Los Kirchner. Cómo condenar el capitalismo y disfrutar de sus beneficios

 

Néstor Kirchner y Cristina Fernández de Kirchner posan frente al glaciar Perito Moreno en Calafate. (Foto: AFP)

Si existe otra vida después de la que tengo, quisiera reencarnarme en un político argentino de alto rango, de los que se proclaman de izquierda.

La semana pasada, el ex presidente Néstor Kirchner encabezó un acto, en el que denunció la codicia de los productores agrícolas, con quienes él y su esposa, la actual jefa del gobierno, mantienen un pleito que lleva casi un año. Las estadísticas indican que más del 70% de los agricultores son pequeños o medianos propietarios, lo cual no impide que el matrimonio los encasille a todos como ‘grandes terratenientes’.

De su parte, la presidenta Cristina Fernández se regocija desde todas las tribunas, con el derrumbe del sistema capitalista -más bien del ‘capitalismo salvaje’- como lo demuestra la crisis mundial. Dice la sucesora de Néstor, que dentro del modelo que agoniza, el culto al éxito ha reemplazado la creencia en valores y que la riqueza se acumula en pocas manos y las desigualdades llegan a ser intolerables.

Dicho esto y cumplidas sus otras tareas, los esposos suelen retirarse a Calafate, un hermoso rincón del sur de Argentina, cuyo principal atractivo es el adyacente glaciar Perito Moreno. En medio de ese paisaje de lagos y ventisqueros, los Kirchner-Fernández edificaron su residencia campestre y el hotel-boutique de Los Sauces, un establecimiento de cinco estrellas donde alojarse cuesta entre los 780 y los 1.500 dólares por noche.

Recientemente, los ex integrantes de la guerrilla de Los Montoneros, compraron el hotel Alto Calafate, con tarifas algo más accesibles: se paga entre 185 y 303 dólares la noche. Gracias a sus conexiones con Néstor Méndez, el ex alcalde de Calafate, su tocayo pudo adquirir los 38.000 metros cuadrados sobre los que se asientan sus propiedades, por la irrisoria suma de 7.5 pesos (2.6 dólares) la unidad.

Fiel al principio establecido por la pareja presidencial, de que la riqueza no debe quedar en pocas manos, Méndez adjudicó 10.000 metros cuadrados –también de tierras fiscales- a Natalia y Romina Mercado, las hijas de Alicia Kirchner, hermana del ex mandatario y ministra de Desarrollo Social. El secretario de Turismo, Enrique Meyer y Ricardo Echegaray, titular de la Administración Federal de Ingresos Públicos (AFIP) se apropiaron de 2.191 y 4.900 metros cuadrados, respectivamente.

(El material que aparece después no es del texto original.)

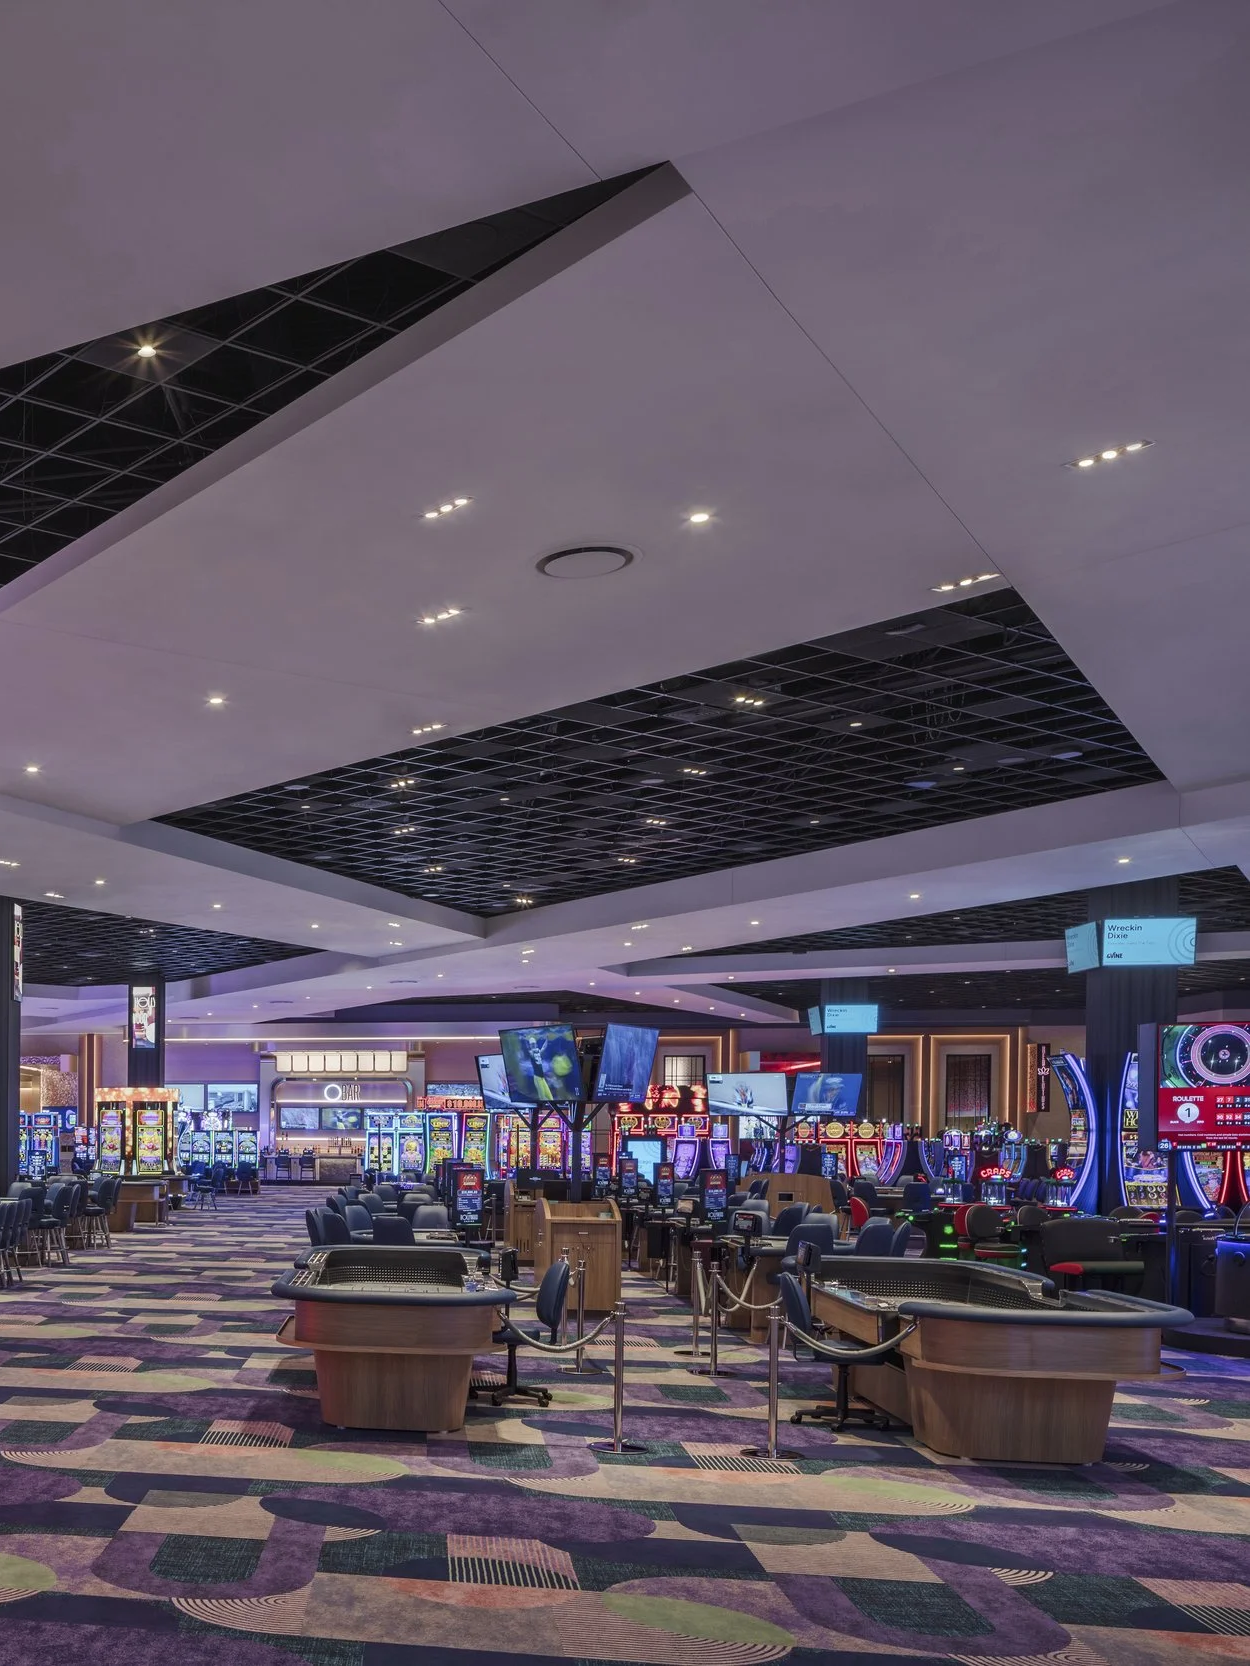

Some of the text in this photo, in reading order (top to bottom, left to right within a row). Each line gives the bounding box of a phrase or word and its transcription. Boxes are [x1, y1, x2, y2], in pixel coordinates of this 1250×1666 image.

[1185, 1108, 1191, 1118] 1
[980, 1167, 1012, 1178] CRAPS
[1056, 1168, 1074, 1179] CRAPS

En febrero del 2008, un dirigente de la Unión Cívica Radical (UCR) denunció al ex alcalde de Calafate, por tráfico de influencias y abuso de autoridad. Pero no hay cuidado: la fiscal que instruye la causa contra Méndez es la antes mencionada Natalia Mercado, sobrina del Poder. Viendo como se manejan las cosas por estos lados, no es de extrañarse que las firmas que se disputan la licitación para ampliar el aeropuerto de Calafate, sean la Petersen, Thiele y Cruz SA, del empresario Enrique Eskenazi y Rodalsa SA, de Lázaro Baéz. Ambos forman parte del círculo de hombres de negocio que gravita en torno a los Kirchner-Fernández.

El casino de Calafate, una construcción al estilo de Las Vegas que desentona del paisaje como una verruga, pertenece a Cristóbal López, otro empresario kirchnerista, propietario de 13 casas de juego y de 6.360 máquinas tragamonedas distribuidas en nueve provincias.

Sentado en un café observo al cliente que lee una revista de noticias. El titular señala que en cinco años, Cristina y Néstor multiplicaron por ocho su fortuna. En el 2002 declararon una renta de 2.200.000 pesos (unos 647.000 dólares) y 17.824.941 pesos (cerca de 5.242.630 dólares). De acuerdo con estas cifras (que no han sido desmentidas), los denostadores del capitalismo y de sus lacras, figuran entre los gobernantes más acaudalados que haya tenido la Argentina. ¿Cómo lo hicieron? Sobre esta interrogante se barajan mil hipótesis y un sólo dato cierto: que Néstor Kirchner está siendo investigado por supuesto enriquecimiento ilícito.

El lector a quien espío, pasa rápidamente la página en cuestión y se concentra en los deportes. Una sonrisa se dibuja en sus labios: el equipo de River Plate venció al de Banfield en la última fecha del torneo de fútbol. No lo condenemos por frívolo: el hombre sólo cuida de su salud mental.